*EXERCISE GOAL:* The records below must be output exactly, with no images carried over.

=== Begin Enclosure ===

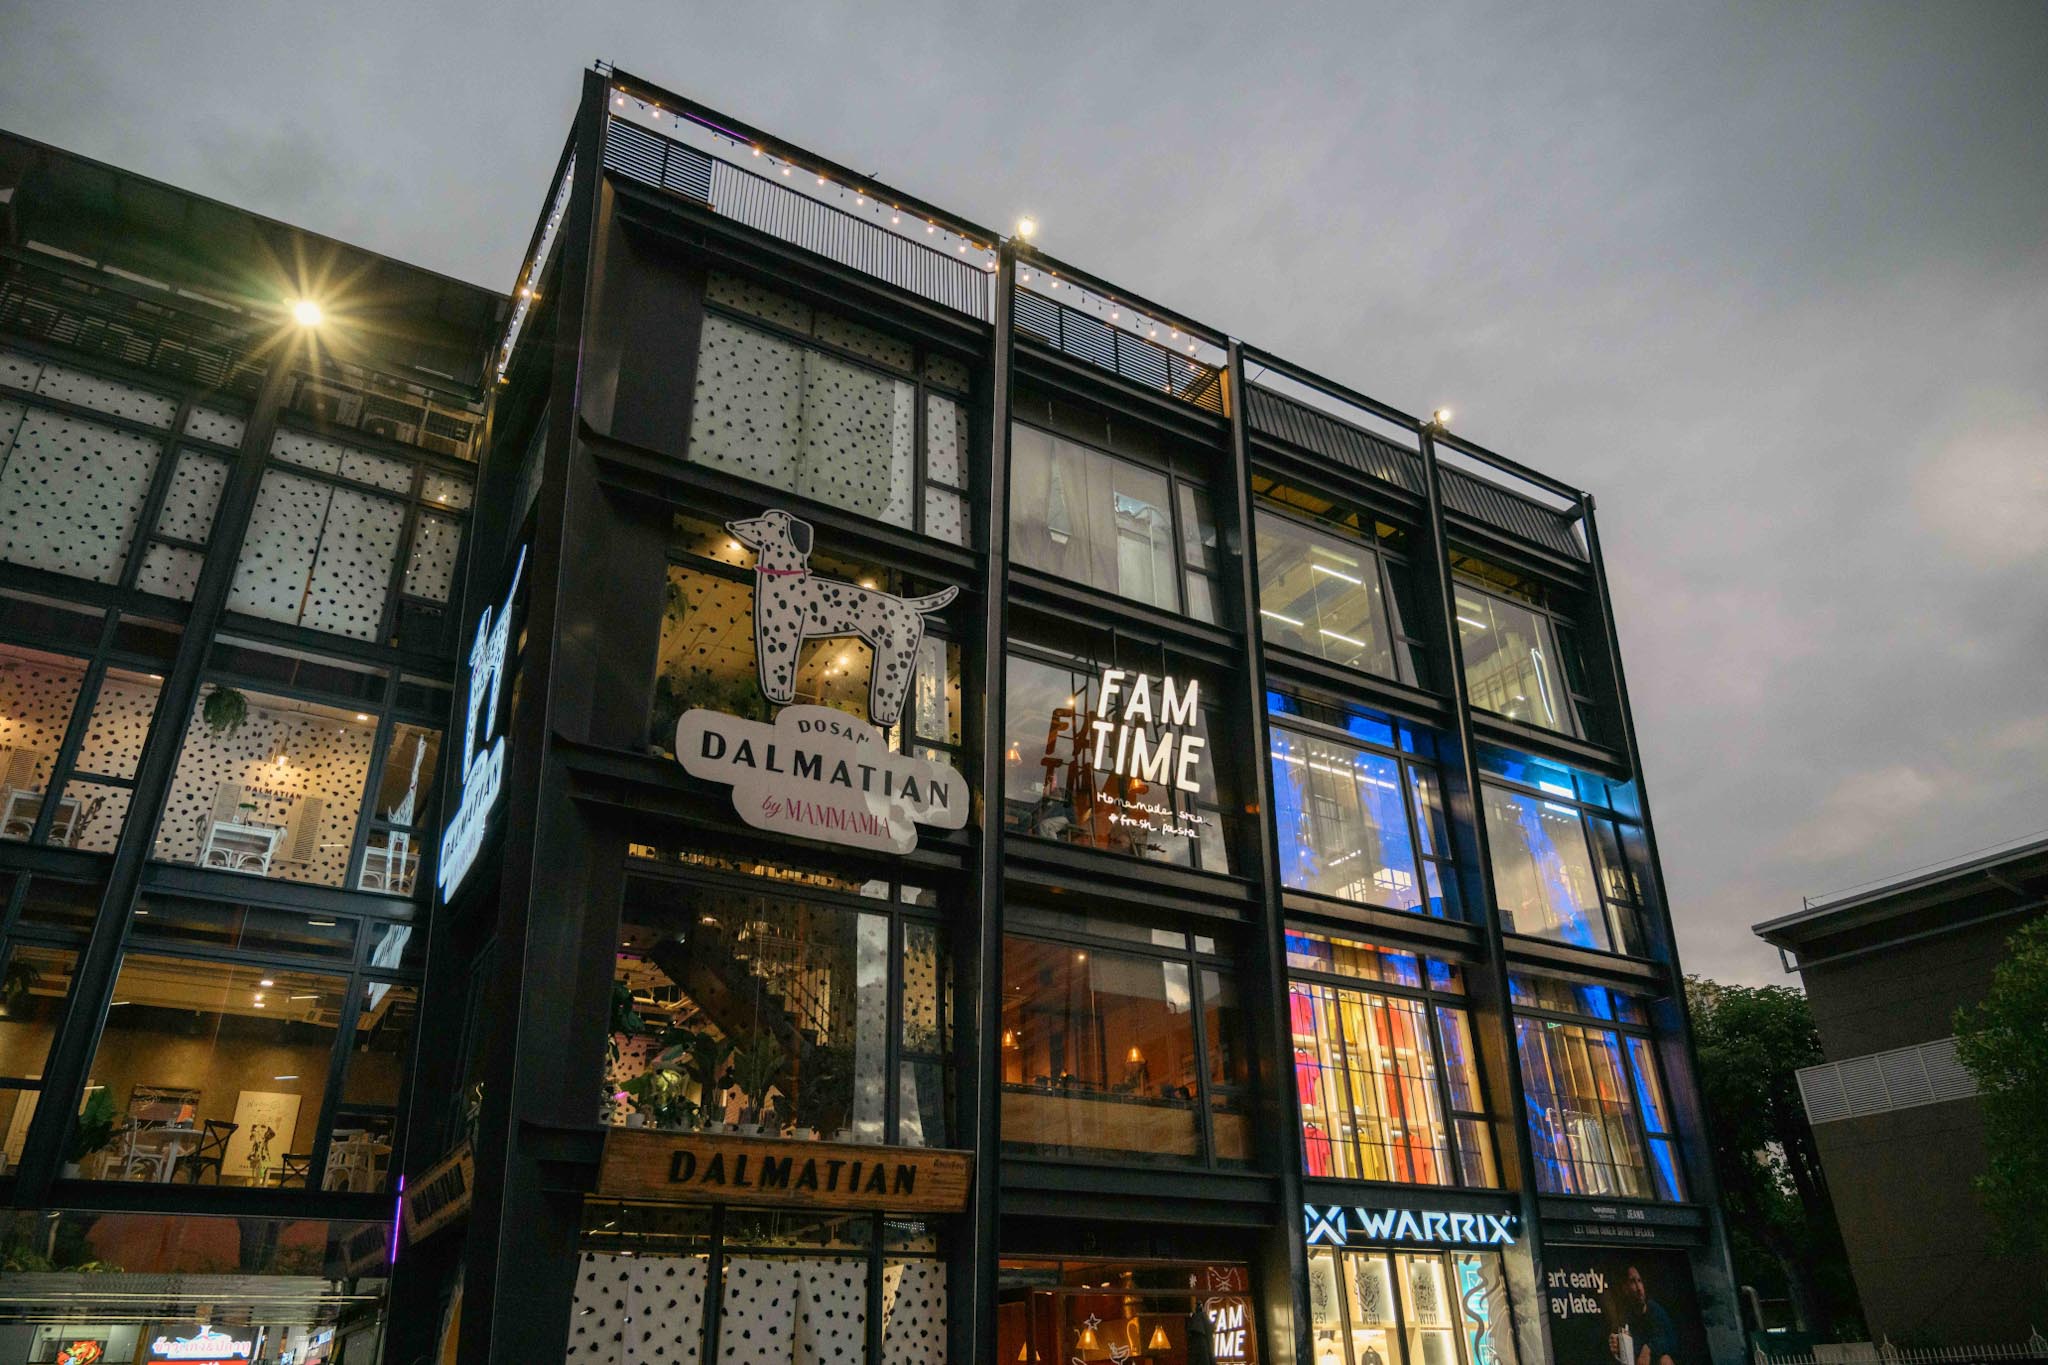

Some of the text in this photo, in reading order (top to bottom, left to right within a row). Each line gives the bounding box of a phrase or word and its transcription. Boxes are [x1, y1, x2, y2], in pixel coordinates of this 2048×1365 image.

[1097, 670, 1199, 727] FAM
[798, 720, 869, 744] DOSAN
[701, 730, 948, 808] DALMATIAN
[1092, 721, 1205, 793] TIME
[245, 785, 301, 800] DALMATIAN
[762, 795, 891, 839] by MAMMAMIA
[668, 1150, 917, 1196] DALMATIAN
[1354, 1207, 1517, 1244] WARRIX
[1548, 1268, 1608, 1293] art early.
[1552, 1292, 1601, 1319] ay late.
[1213, 1329, 1246, 1357] IME

=== End Enclosure ===

*EXPECTED ANSWER:*
Some of the text in this photo, in reading order (top to bottom, left to right within a row). Each line gives the bounding box of a phrase or word and its transcription. Boxes are [x1, y1, x2, y2], in pixel coordinates of this 2048×1365 image.

[1097, 670, 1199, 727] FAM
[798, 720, 869, 744] DOSAN
[701, 730, 948, 808] DALMATIAN
[1092, 721, 1205, 793] TIME
[245, 785, 301, 800] DALMATIAN
[762, 795, 891, 839] by MAMMAMIA
[668, 1150, 917, 1196] DALMATIAN
[1354, 1207, 1517, 1244] WARRIX
[1548, 1268, 1608, 1293] art early.
[1552, 1292, 1601, 1319] ay late.
[1213, 1329, 1246, 1357] IME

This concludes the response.